■ WHAT YOU NEED TO DO ■
Repeat exactly the line that contains "this 2000×1333 image." and every line below it to the end of the material, omitting all others.

■ RECORDS FOR THE EXERCISE ■
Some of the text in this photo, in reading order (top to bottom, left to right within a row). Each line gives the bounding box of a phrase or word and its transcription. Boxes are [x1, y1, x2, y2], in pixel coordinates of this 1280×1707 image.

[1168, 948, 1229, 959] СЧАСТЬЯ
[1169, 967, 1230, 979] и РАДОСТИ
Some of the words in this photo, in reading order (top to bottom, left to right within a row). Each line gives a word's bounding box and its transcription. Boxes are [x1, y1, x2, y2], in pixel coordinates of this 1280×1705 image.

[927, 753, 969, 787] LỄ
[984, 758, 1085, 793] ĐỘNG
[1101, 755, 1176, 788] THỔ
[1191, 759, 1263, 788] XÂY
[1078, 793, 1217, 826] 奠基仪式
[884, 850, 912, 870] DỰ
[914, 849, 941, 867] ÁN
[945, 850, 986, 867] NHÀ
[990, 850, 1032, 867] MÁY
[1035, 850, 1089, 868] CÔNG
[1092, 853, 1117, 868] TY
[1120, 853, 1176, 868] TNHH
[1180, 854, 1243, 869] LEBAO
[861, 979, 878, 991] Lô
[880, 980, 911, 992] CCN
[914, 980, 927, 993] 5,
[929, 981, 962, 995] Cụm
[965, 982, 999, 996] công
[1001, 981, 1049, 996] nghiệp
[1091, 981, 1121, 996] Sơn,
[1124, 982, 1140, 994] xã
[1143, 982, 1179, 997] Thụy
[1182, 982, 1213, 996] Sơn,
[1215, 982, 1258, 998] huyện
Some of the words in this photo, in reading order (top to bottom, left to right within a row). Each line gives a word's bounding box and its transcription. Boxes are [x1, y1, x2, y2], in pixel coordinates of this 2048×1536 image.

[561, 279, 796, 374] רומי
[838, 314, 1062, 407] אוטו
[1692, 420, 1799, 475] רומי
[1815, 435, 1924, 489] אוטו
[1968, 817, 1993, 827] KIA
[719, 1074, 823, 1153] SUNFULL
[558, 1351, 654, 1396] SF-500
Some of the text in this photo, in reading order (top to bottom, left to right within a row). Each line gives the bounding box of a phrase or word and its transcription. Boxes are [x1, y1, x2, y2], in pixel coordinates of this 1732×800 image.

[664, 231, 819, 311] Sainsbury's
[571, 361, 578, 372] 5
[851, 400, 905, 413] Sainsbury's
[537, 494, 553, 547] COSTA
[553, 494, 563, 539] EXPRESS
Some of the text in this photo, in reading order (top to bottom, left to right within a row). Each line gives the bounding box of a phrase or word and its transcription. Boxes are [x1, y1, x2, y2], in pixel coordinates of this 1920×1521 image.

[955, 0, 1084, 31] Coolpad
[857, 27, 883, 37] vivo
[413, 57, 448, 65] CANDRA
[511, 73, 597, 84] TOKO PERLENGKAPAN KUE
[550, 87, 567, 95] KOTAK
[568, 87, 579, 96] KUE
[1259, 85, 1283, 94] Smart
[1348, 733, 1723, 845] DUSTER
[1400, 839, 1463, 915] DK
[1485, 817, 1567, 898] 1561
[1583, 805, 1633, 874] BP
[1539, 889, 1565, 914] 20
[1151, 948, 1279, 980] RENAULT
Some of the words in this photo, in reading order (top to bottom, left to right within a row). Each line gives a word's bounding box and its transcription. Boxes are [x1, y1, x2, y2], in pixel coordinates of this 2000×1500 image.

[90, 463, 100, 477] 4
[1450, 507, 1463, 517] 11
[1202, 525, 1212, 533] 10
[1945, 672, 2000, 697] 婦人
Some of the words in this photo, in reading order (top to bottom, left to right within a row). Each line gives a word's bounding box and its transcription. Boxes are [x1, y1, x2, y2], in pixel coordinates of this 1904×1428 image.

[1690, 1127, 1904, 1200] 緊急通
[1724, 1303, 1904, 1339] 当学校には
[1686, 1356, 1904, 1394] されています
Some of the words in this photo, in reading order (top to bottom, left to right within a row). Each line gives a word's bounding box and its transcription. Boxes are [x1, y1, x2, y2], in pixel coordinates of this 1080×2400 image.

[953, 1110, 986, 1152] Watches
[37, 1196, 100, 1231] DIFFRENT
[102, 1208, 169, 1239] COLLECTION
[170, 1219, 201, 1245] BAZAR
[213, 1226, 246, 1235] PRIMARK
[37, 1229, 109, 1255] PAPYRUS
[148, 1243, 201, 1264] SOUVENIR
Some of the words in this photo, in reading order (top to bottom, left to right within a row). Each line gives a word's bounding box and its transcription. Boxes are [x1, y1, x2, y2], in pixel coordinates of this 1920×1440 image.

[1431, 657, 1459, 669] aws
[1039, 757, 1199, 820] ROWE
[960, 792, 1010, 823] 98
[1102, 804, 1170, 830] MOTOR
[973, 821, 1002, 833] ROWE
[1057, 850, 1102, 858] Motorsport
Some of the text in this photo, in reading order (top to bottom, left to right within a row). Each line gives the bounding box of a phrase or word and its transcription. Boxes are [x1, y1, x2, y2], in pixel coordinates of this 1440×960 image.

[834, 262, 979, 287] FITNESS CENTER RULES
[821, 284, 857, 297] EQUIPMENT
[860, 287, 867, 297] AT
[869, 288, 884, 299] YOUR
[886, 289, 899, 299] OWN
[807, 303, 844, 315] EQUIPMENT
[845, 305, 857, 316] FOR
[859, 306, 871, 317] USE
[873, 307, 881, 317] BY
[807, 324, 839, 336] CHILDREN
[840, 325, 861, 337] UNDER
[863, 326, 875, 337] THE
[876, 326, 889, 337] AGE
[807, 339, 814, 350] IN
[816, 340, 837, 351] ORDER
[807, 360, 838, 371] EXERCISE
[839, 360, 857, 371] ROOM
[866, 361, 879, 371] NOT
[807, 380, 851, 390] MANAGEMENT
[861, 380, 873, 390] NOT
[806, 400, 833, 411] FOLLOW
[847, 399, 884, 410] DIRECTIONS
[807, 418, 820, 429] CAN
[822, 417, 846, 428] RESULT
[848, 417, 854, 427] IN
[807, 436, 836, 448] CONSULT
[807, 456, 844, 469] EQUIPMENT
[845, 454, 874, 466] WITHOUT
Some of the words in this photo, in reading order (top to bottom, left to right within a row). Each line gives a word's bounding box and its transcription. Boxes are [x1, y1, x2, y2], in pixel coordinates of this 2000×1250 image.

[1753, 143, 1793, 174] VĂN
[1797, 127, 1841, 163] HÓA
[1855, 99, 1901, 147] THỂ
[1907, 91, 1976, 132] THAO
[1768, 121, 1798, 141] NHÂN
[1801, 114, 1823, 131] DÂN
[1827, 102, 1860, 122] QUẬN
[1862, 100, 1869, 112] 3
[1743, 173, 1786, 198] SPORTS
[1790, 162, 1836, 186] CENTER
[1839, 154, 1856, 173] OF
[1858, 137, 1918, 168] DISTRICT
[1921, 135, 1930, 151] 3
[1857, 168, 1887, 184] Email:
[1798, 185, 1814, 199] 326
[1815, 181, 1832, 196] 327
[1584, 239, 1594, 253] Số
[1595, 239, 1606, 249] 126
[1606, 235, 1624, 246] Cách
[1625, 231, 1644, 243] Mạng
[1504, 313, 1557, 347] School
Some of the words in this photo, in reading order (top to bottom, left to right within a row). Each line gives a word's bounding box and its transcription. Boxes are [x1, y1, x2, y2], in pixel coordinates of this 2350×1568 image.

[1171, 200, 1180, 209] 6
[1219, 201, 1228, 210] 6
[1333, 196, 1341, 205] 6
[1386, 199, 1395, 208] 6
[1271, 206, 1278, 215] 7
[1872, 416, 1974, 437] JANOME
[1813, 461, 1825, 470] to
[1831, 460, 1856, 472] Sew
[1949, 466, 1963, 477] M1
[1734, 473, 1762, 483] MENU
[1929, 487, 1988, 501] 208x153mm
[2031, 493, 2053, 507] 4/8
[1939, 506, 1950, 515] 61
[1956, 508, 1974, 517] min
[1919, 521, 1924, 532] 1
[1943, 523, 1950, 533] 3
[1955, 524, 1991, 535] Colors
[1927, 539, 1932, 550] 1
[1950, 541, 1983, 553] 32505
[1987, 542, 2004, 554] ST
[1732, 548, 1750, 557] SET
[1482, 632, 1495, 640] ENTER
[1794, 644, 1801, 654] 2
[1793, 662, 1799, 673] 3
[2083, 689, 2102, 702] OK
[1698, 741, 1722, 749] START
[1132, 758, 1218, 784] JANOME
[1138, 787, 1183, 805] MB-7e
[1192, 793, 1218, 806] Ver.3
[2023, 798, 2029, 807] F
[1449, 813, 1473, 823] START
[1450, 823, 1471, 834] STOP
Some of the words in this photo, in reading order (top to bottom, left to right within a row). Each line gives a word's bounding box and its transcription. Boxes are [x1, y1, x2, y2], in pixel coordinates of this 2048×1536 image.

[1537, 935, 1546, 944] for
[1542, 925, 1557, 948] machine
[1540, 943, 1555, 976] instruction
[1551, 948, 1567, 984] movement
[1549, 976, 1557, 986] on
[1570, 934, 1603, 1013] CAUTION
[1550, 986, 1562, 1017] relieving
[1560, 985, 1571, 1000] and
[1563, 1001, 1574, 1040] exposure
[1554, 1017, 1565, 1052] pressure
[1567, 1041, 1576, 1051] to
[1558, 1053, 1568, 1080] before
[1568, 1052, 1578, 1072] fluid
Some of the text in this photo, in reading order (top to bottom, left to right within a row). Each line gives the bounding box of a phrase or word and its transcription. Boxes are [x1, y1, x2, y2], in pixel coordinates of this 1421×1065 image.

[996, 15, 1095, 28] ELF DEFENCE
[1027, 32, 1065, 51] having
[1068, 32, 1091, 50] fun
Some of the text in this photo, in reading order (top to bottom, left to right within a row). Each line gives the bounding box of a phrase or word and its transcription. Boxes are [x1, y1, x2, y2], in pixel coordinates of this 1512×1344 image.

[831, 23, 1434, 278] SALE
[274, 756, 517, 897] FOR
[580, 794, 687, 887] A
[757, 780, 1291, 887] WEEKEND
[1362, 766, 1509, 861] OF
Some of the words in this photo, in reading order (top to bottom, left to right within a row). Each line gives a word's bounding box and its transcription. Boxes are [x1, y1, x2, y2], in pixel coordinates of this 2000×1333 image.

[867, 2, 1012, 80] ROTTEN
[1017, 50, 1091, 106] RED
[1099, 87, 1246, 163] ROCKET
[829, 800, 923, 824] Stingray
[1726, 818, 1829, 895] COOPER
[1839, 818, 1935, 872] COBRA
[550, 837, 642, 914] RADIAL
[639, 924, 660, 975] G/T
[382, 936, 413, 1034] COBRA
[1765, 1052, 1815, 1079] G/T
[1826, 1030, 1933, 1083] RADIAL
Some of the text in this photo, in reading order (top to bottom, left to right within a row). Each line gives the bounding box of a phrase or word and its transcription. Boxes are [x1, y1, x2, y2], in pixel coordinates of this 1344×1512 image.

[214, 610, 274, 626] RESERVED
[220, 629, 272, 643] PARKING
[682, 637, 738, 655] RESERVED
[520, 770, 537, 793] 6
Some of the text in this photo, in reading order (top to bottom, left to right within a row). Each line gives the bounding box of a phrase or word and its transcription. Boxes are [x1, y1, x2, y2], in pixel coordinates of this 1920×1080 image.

■ WRITTEN SOLUTION ■
Some of the words in this photo, in reading order (top to bottom, left to right within a row). Each line gives a word's bounding box and its transcription. Boxes are [x1, y1, x2, y2], in pixel coordinates of this 2000×1333 image.

[867, 2, 1012, 80] ROTTEN
[1017, 50, 1091, 106] RED
[1099, 87, 1246, 163] ROCKET
[829, 800, 923, 824] Stingray
[1726, 818, 1829, 895] COOPER
[1839, 818, 1935, 872] COBRA
[550, 837, 642, 914] RADIAL
[639, 924, 660, 975] G/T
[382, 936, 413, 1034] COBRA
[1765, 1052, 1815, 1079] G/T
[1826, 1030, 1933, 1083] RADIAL
Some of the text in this photo, in reading order (top to bottom, left to right within a row). Each line gives the bounding box of a phrase or word and its transcription. Boxes are [x1, y1, x2, y2], in pixel coordinates of this 1344×1512 image.

[214, 610, 274, 626] RESERVED
[220, 629, 272, 643] PARKING
[682, 637, 738, 655] RESERVED
[520, 770, 537, 793] 6
Some of the text in this photo, in reading order (top to bottom, left to right within a row). Each line gives the bounding box of a phrase or word and its transcription. Boxes are [x1, y1, x2, y2], in pixel coordinates of this 1920×1080 image.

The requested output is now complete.